Yes they were. The coercion was intense. Take the vaccine or lose your job. Take the vaccine or be ostracized from society. Take the vaccine or never leave your home again. Take the vaccine or be denied healthcare. The list of coercive tactics goes on and on.
And there was no long-term data. How could there be? This was a brand new vaccine with a brand new mechanism. Never before had humans been given mRNA, and with good reason. As recently as 2017, Moderna was running into safety problems with its mRNA technology:
Founded in 2012, Moderna reached unicorn status — a $1 billion valuation — in just two years, faster than Uber, Dropbox, and Lyft, according to CB Insights. The company’s premise: Using custom-built strands of messenger RNA, known as mRNA, it aims to turn the body’s cells into ad hoc drug factories, compelling them to produce the proteins needed to treat a wide variety of diseases.
But mRNA is a tricky technology. Several major pharmaceutical companies have tried and abandoned the idea, struggling to get mRNA into cells without triggering nasty side effects.

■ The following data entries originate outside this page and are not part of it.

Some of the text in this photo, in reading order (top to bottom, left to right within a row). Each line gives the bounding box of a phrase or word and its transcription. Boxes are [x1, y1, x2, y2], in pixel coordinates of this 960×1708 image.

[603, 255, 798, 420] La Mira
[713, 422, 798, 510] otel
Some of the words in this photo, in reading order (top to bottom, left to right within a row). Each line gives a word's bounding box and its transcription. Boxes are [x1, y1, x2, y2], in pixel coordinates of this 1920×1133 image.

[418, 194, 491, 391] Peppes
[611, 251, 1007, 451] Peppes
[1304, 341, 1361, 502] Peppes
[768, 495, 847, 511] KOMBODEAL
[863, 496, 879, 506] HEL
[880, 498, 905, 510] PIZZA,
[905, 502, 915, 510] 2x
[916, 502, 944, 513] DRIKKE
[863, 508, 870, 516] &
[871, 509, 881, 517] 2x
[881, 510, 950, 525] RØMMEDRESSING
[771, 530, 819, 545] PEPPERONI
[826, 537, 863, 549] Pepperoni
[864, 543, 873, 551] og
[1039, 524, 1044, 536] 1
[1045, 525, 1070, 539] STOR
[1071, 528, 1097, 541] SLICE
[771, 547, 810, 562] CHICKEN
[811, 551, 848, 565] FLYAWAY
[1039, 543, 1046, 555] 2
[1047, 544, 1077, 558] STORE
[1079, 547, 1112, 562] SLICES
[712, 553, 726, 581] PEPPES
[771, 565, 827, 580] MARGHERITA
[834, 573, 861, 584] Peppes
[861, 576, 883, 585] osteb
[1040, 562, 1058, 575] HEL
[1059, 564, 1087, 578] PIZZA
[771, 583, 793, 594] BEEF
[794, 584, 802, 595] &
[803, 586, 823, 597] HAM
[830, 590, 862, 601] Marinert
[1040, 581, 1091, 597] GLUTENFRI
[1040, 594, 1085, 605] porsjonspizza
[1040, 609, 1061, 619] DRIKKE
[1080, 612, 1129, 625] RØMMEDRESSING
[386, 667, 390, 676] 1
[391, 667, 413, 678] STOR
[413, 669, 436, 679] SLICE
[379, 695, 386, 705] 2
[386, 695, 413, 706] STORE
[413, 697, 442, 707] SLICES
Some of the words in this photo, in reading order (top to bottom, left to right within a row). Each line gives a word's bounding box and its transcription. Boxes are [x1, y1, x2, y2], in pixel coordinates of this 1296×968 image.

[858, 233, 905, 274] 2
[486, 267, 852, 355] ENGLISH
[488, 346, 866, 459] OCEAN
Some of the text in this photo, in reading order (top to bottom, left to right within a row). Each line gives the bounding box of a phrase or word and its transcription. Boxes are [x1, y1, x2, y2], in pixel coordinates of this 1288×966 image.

Bancel has repeatedly promised that Moderna’s new therapies will change the world, but the company has refused to publish any data on its mRNA vehicles, sparking skepticism from some scientists and a chiding from the editors of Nature.
Moderna Therapeutics, the most highly valued private company in biotech, has run into troubling safety problems with its most ambitious therapy, STAT found.
www.statnews.com
As you can see, mRNA technology was "triggering nasty side effects" in 2017. I guess we were just supposed to trust (with no data) that they got those "nasty side effects" figured out just in time for a global rollout of the COVID vaccines.
And did you know that there are serious questions about the integrity of the data in the Pfizer trial that have yet to be answered? Whistleblowers at the BMJ had this to say:
But, for researchers who were testing Pfizer’s vaccine at several sites in Texas during that autumn, speed may have come at the cost of data integrity and patient safety. A regional director who was employed at the research organisation Ventavia Research Group has told The BMJ that the company falsified data, unblinded patients, employed inadequately trained vaccinators, and was slow to follow up on adverse events reported in Pfizer’s pivotal phase III trial.
Those are some serious allegations. You'd think someone would want to follow up and see what happened with the falsified data and unblinded patients. And how exactly did they compromise patient safety? Yet there is a very odd incurious attitude to these very serious allegations.
Couple that with the fact that it is literally impossible to have "long-term data" for a vaccine that has been on the market for such a short time as the ONLY way you can acquire long-term data is by monitoring it over a LONG time, and it is
abundantly clear that people were coerced into taking a vaccine that had no long-term data, a sketchy history and trial results based on questionable data.
Hard to distance when Donald Trump is cutting off unemployment and trying to force everyone back to work.
You know there were plenty of people that had to work the entire pandemic, right? Lockdowns and work closures were just a way to shift the burden of the pandemic off of the laptop class to the "essential worker", a term coined to make people feel special, but really intended to allow some people to stay "safer at home" while making their Uber Eats delivery driver face the pandemic every day so they didn't have to.